Exercise goal.
The range runs from the line containing "Some of the words" to the last line of the entries. Copy that range exactly, omitting pictures.

Record extracts.
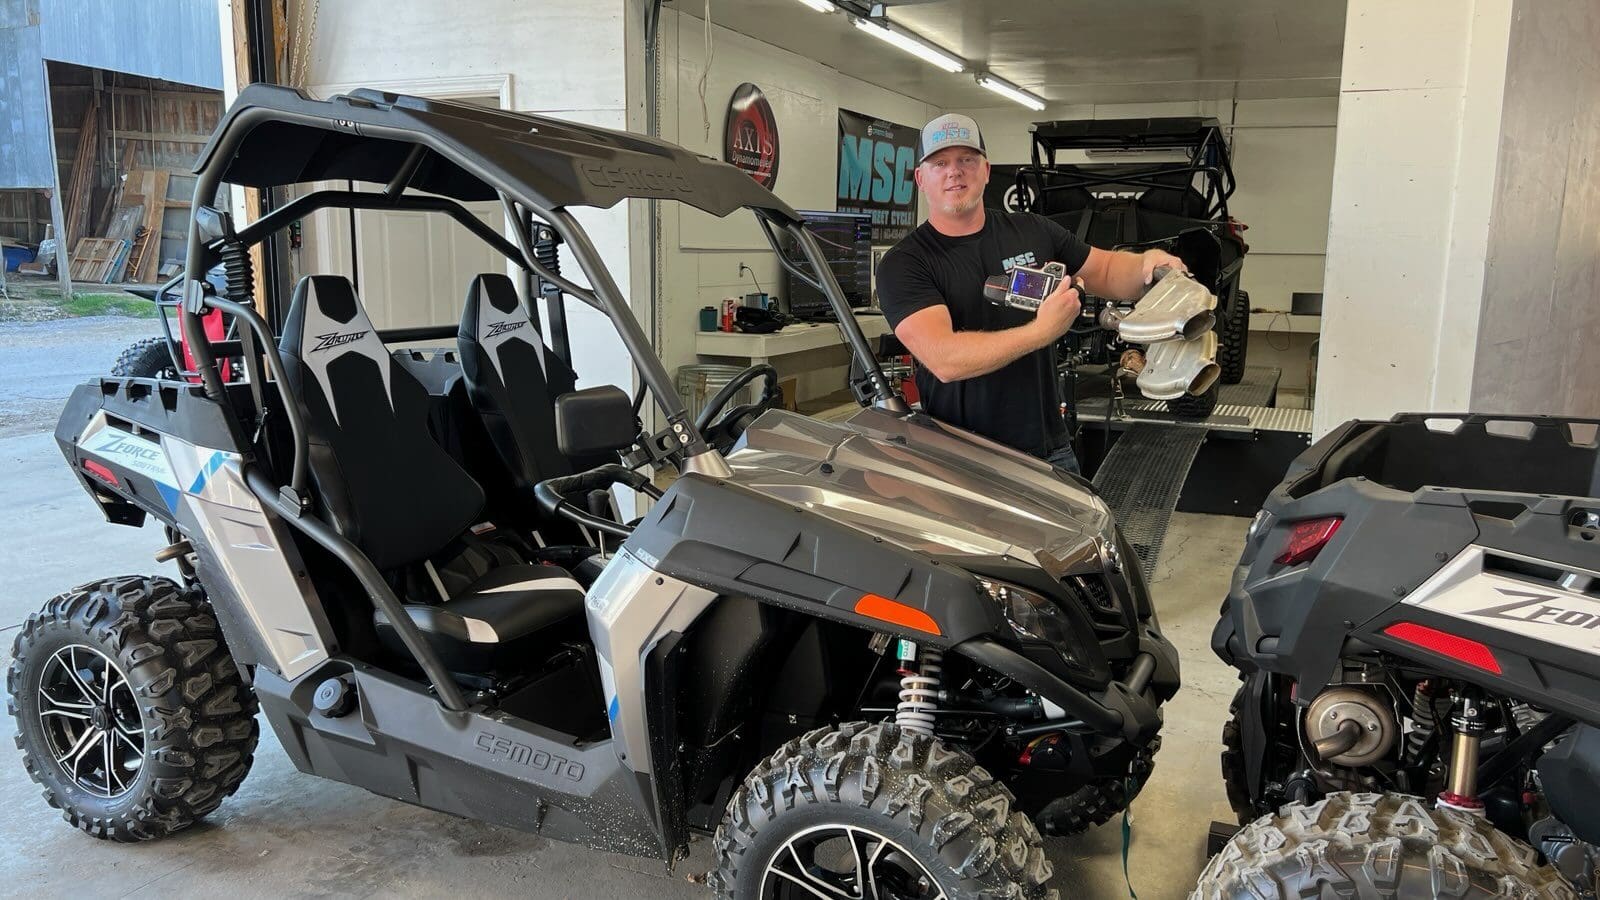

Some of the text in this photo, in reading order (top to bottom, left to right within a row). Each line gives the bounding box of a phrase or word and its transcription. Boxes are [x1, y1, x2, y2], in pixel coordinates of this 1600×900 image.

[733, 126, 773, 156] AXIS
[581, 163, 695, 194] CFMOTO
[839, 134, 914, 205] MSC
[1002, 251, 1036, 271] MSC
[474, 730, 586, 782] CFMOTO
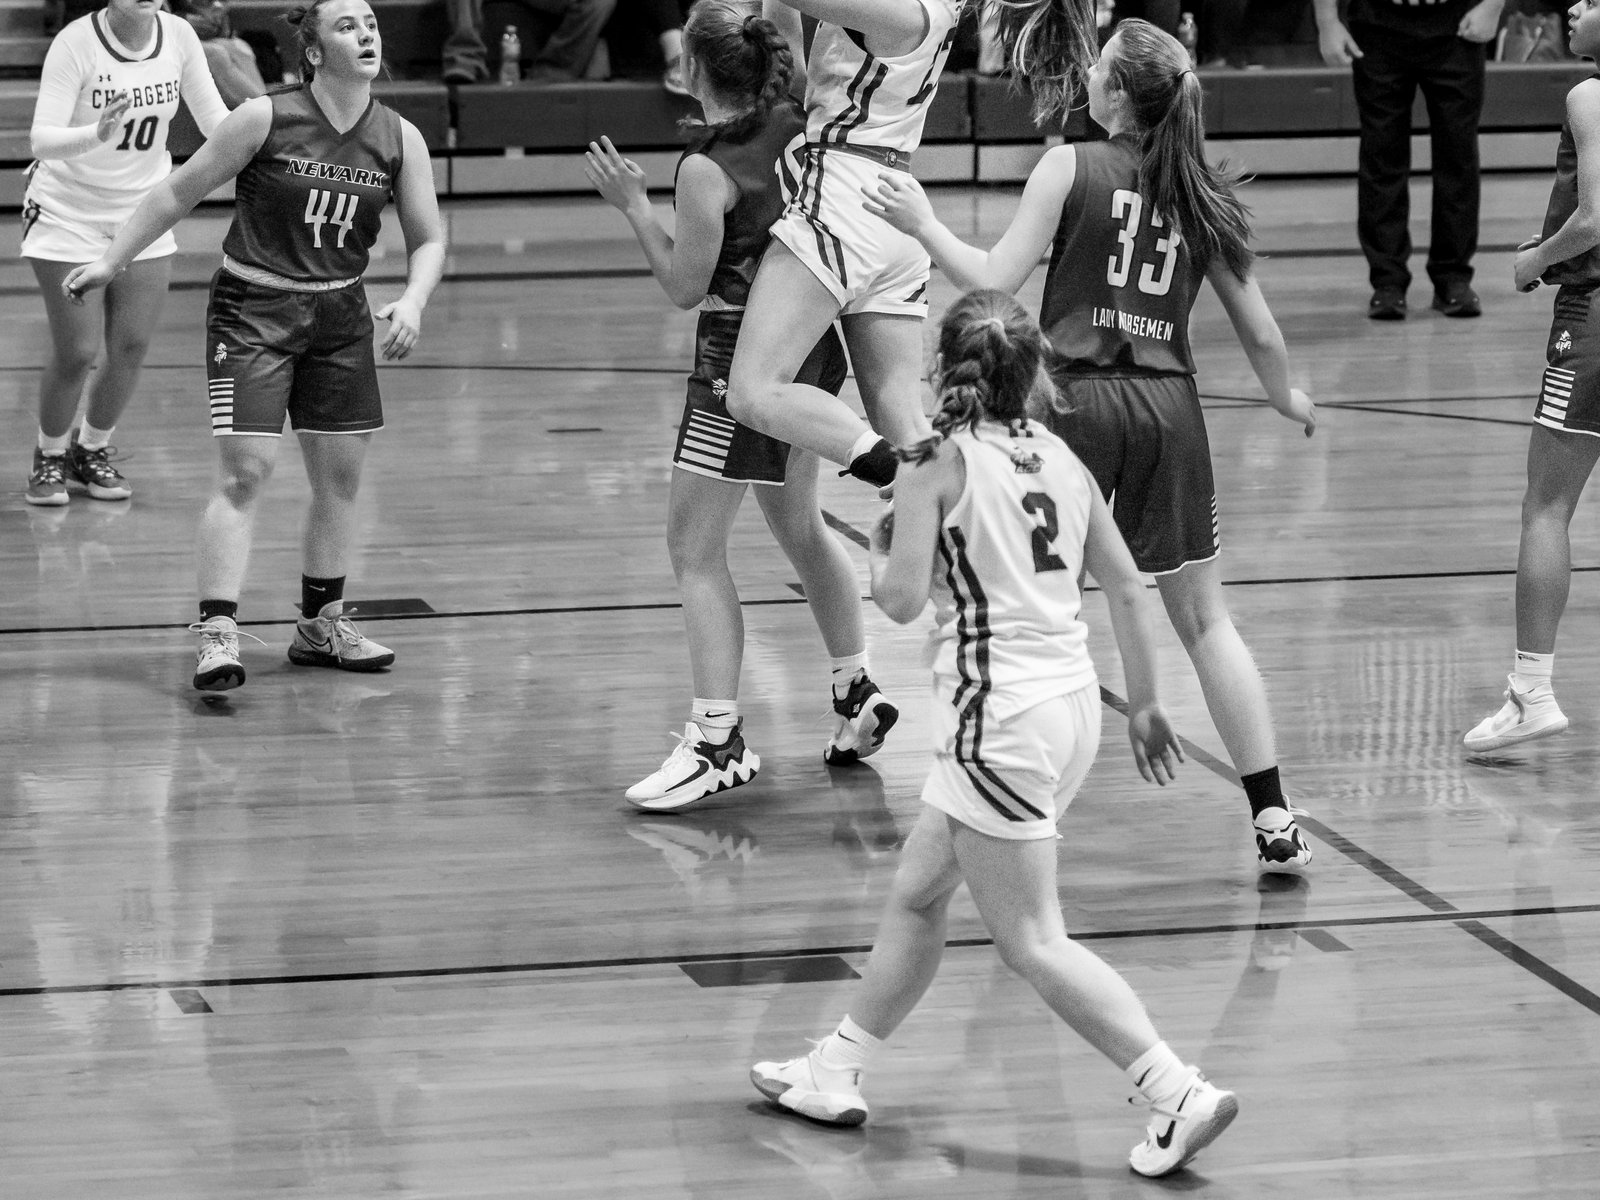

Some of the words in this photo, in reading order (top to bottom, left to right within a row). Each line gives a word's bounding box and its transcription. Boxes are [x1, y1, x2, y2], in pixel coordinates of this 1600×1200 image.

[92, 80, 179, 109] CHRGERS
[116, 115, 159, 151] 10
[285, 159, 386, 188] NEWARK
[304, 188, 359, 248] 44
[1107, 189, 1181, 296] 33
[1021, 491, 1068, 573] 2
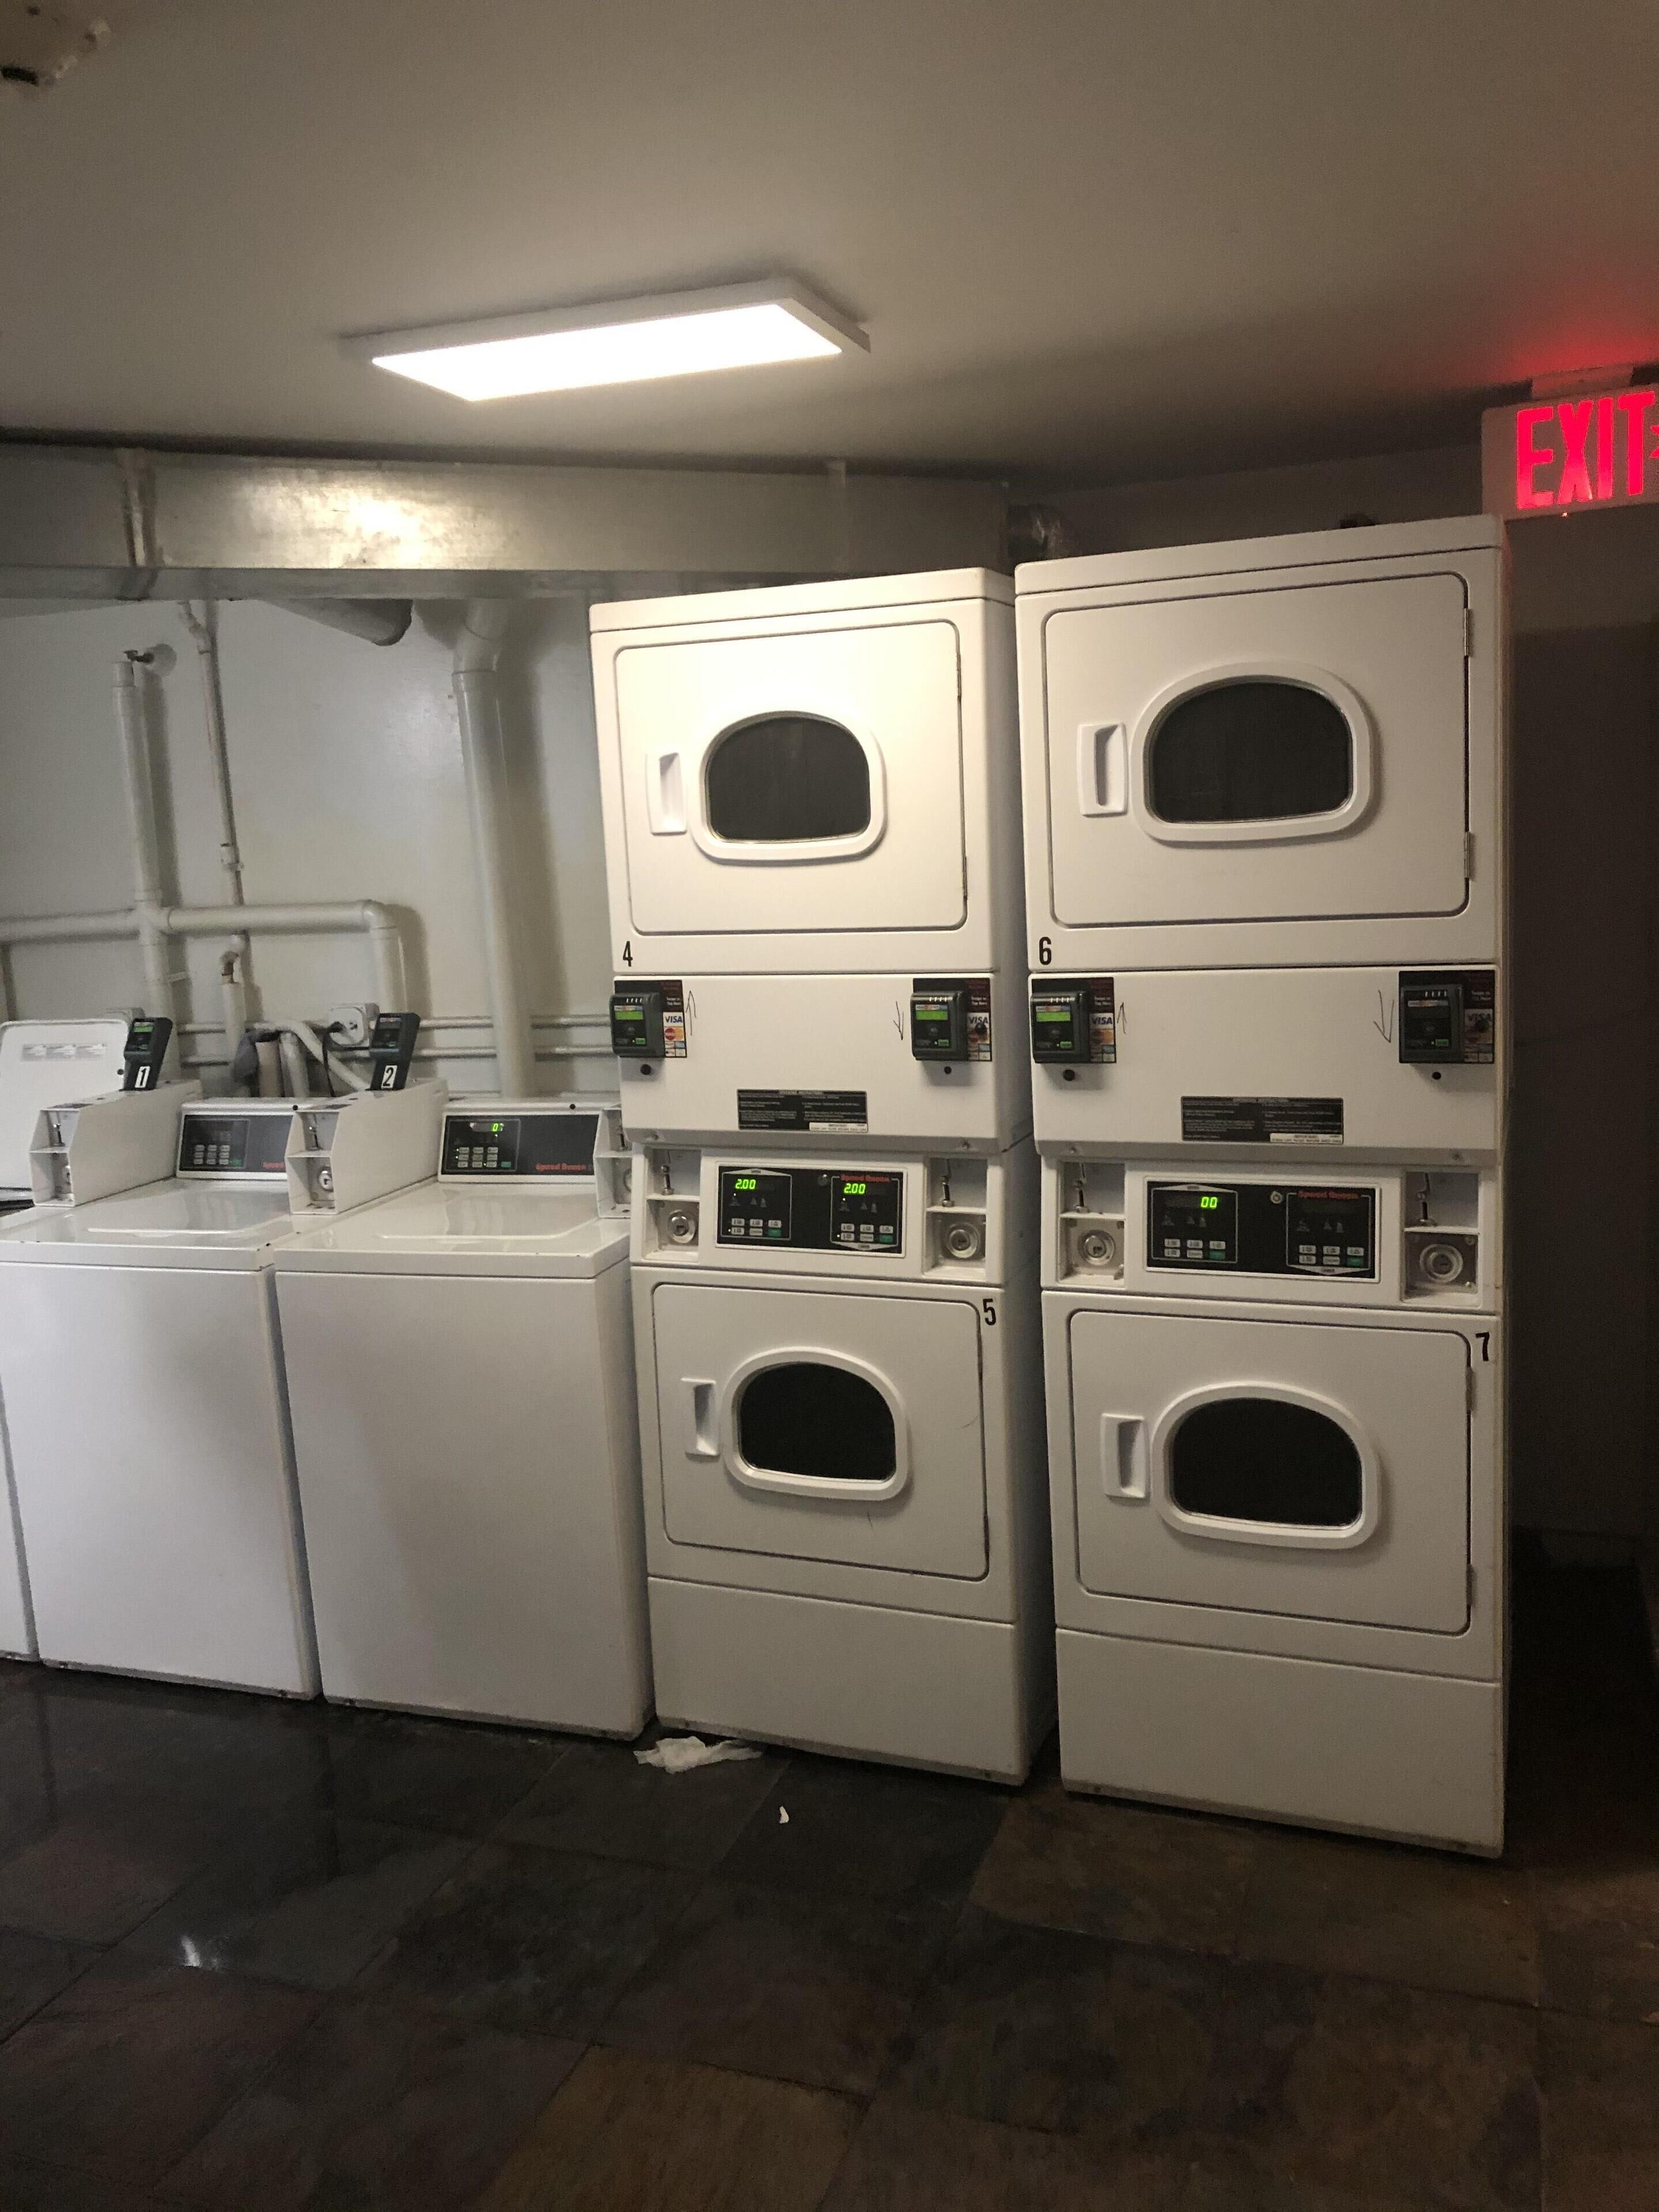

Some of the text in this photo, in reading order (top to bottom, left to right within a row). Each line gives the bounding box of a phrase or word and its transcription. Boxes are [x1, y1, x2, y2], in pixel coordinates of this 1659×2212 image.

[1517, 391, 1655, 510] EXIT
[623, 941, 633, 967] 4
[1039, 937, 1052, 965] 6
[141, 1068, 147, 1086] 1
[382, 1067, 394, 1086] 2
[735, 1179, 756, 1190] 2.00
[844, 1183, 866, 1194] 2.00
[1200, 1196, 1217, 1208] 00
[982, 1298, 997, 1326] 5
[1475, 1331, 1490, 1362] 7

Task result.
Some of the words in this photo, in reading order (top to bottom, left to right within a row). Each line gives a word's bounding box and its transcription. Boxes are [x1, y1, x2, y2], in pixel coordinates of this 1600×1200 image.

[92, 80, 179, 109] CHRGERS
[116, 115, 159, 151] 10
[285, 159, 386, 188] NEWARK
[304, 188, 359, 248] 44
[1107, 189, 1181, 296] 33
[1021, 491, 1068, 573] 2

Some of the text in this photo, in reading order (top to bottom, left to right within a row). Each line gives the bounding box of a phrase or word and its transcription. Boxes are [x1, y1, x2, y2], in pixel coordinates of this 1659×2212 image.

[1517, 391, 1655, 510] EXIT
[623, 941, 633, 967] 4
[1039, 937, 1052, 965] 6
[141, 1068, 147, 1086] 1
[382, 1067, 394, 1086] 2
[735, 1179, 756, 1190] 2.00
[844, 1183, 866, 1194] 2.00
[1200, 1196, 1217, 1208] 00
[982, 1298, 997, 1326] 5
[1475, 1331, 1490, 1362] 7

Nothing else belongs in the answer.